Top of MATERIAL SHOWN
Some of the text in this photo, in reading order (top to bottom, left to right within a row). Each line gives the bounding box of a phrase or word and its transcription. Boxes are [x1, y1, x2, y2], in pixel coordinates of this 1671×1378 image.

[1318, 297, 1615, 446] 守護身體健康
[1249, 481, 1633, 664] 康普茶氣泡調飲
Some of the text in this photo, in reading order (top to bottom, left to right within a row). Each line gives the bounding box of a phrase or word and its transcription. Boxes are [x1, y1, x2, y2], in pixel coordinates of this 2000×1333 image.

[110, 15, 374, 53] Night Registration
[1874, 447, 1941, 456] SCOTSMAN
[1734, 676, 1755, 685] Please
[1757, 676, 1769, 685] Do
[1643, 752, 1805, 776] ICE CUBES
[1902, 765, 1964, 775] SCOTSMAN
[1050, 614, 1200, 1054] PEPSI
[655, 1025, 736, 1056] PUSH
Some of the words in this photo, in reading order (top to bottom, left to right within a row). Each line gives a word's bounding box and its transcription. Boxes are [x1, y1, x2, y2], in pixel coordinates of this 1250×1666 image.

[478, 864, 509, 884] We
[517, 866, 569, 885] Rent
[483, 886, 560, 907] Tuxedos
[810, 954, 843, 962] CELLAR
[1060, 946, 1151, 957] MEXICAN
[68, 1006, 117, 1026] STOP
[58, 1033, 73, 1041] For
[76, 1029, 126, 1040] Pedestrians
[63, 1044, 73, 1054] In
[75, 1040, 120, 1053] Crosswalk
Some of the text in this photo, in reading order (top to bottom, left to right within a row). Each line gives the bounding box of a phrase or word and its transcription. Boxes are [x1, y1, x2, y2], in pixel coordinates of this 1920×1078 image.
Bottom of MATERIAL SHOWN
*WHAT YOU HAVE TO DO*. Copy, without any change, the run of lines from the one with "this 2000×1333 image." through the end of the entries above.

*EXERCISE SOLUTION*.
Some of the text in this photo, in reading order (top to bottom, left to right within a row). Each line gives the bounding box of a phrase or word and its transcription. Boxes are [x1, y1, x2, y2], in pixel coordinates of this 2000×1333 image.

[110, 15, 374, 53] Night Registration
[1874, 447, 1941, 456] SCOTSMAN
[1734, 676, 1755, 685] Please
[1757, 676, 1769, 685] Do
[1643, 752, 1805, 776] ICE CUBES
[1902, 765, 1964, 775] SCOTSMAN
[1050, 614, 1200, 1054] PEPSI
[655, 1025, 736, 1056] PUSH
Some of the words in this photo, in reading order (top to bottom, left to right within a row). Each line gives a word's bounding box and its transcription. Boxes are [x1, y1, x2, y2], in pixel coordinates of this 1250×1666 image.

[478, 864, 509, 884] We
[517, 866, 569, 885] Rent
[483, 886, 560, 907] Tuxedos
[810, 954, 843, 962] CELLAR
[1060, 946, 1151, 957] MEXICAN
[68, 1006, 117, 1026] STOP
[58, 1033, 73, 1041] For
[76, 1029, 126, 1040] Pedestrians
[63, 1044, 73, 1054] In
[75, 1040, 120, 1053] Crosswalk
Some of the text in this photo, in reading order (top to bottom, left to right within a row). Each line gives the bounding box of a phrase or word and its transcription. Boxes are [x1, y1, x2, y2], in pixel coordinates of this 1920×1078 image.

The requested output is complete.